Deep stromal corneal ulcer in a dog showing a visible pit and pronounced cloudiness
Severe melting or ruptured corneal ulcer in a dog with a gelatinous, distorted cornea, an emergency

This is the part that shows why "wait and see" is dangerous. When people search deep corneal ulcer dog, ruptured corneal ulcer dog, or descemetocele dog, they are usually looking at an eye that has crossed from painful into vision-threatening.

A deep or stromal ulcer has eroded down into the structural stroma of the cornea. In photos it looks like a visible crater or pit in the surface, often with pronounced white or gray cloudiness around it and heavy discharge. The eye may look sunken at the ulcer site. VCA describes this progression through the layers of the cornea: "If the erosion goes through the epithelium and stroma to the deepest level of Descemet's membrane, a descemetocele is formed," which it calls "a serious condition." Descemet's membrane is the last thin layer before the inside of the eye, so once an ulcer reaches it the eye is close to giving way.

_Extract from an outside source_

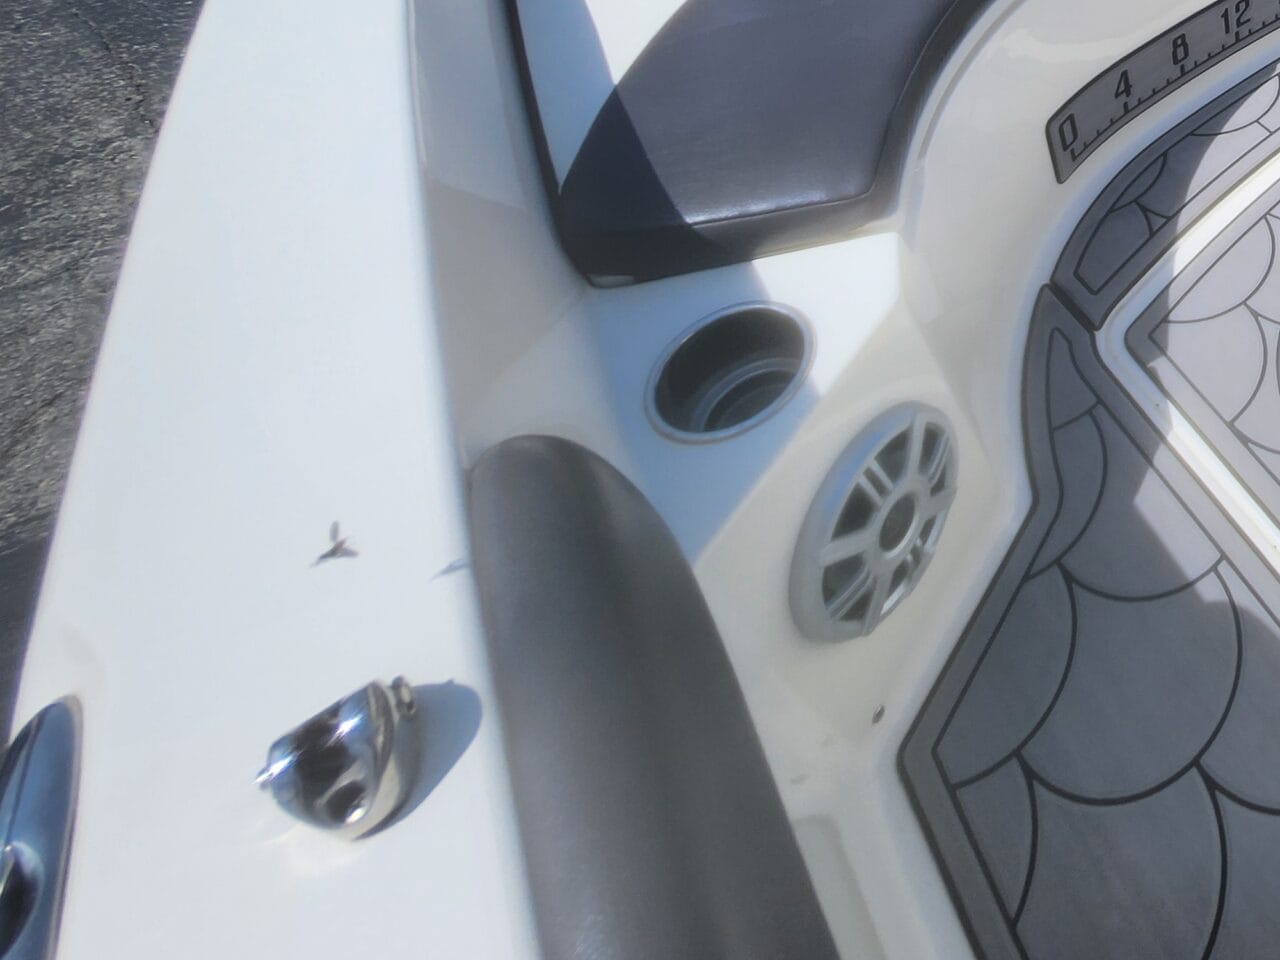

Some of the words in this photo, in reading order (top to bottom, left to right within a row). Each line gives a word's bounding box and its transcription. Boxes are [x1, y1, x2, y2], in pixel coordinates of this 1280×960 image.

A descemetocele is the near-perforation stage: the ulcer has eaten through everything except that final Descemet's membrane, which bulges forward like a clear blister at the bottom of the crater. It is one step away from rupture. The Merck Veterinary Manual section on ophthalmic emergencies explains that deep ulcers, descemetoceles, and ulcers that have already ruptured with iris prolapse require immediate surgical support of the fragile globe because they seriously compromise the integrity of the eye.

A melting ulcer is a specific, fast-moving emergency where enzymes break the cornea down almost in front of your eyes. In photos it looks gray, gelatinous, and gooey, as if the surface of the eye is dissolving or sliding. Melting ulcers can go from bad to ruptured in hours, not days. These are the dog eye ulcer rupture symptoms owners fear, and they are a reason to go straight to an emergency hospital.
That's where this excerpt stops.